> _Record extracts_
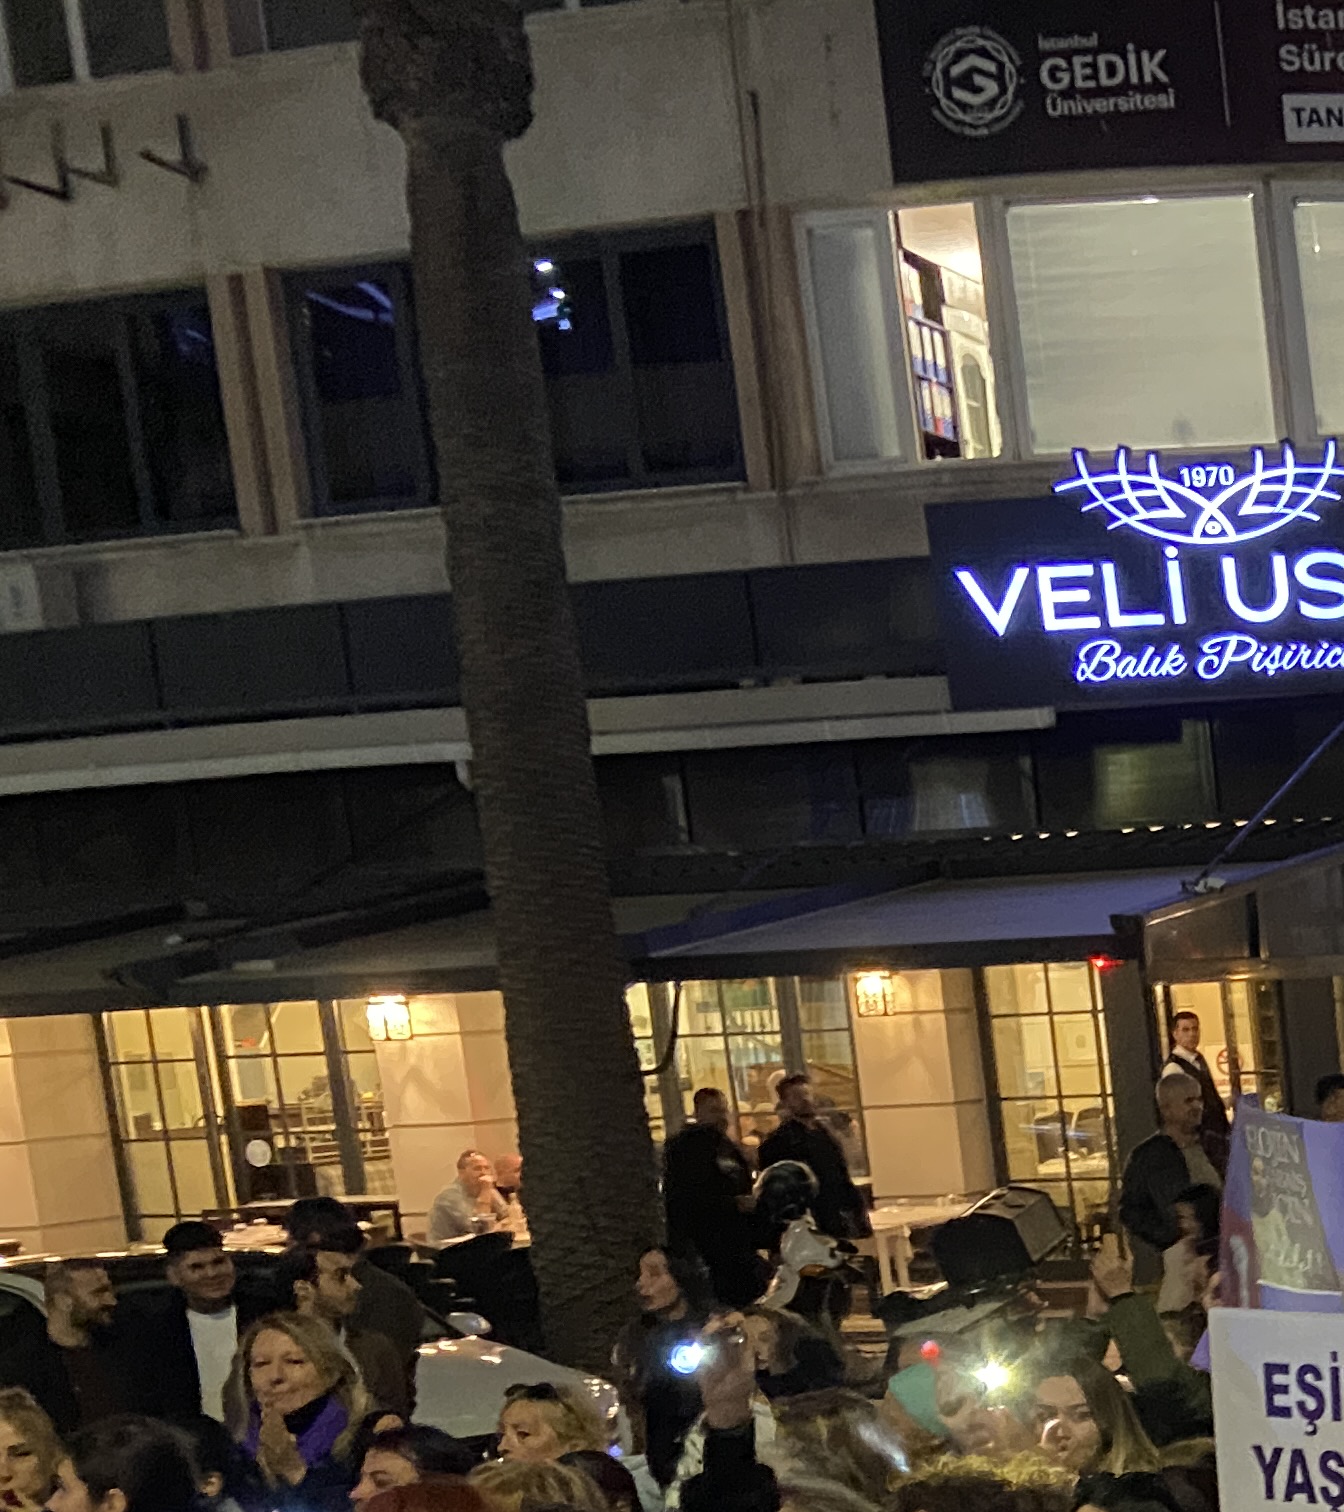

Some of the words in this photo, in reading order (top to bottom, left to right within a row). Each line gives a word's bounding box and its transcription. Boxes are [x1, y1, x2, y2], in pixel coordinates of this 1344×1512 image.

[1039, 43, 1169, 90] GEDİK
[1046, 88, 1175, 117] Üniversitesi
[1179, 465, 1235, 489] 1970
[954, 545, 1187, 638] VELİ
[1075, 638, 1188, 682] Balık

> _Action item_
Every line above has to be output exactly; the pictures must be dropped.

> _Result for this task_
Some of the words in this photo, in reading order (top to bottom, left to right within a row). Each line gives a word's bounding box and its transcription. Boxes are [x1, y1, x2, y2], in pixel coordinates of this 1344×1512 image.

[1039, 43, 1169, 90] GEDİK
[1046, 88, 1175, 117] Üniversitesi
[1179, 465, 1235, 489] 1970
[954, 545, 1187, 638] VELİ
[1075, 638, 1188, 682] Balık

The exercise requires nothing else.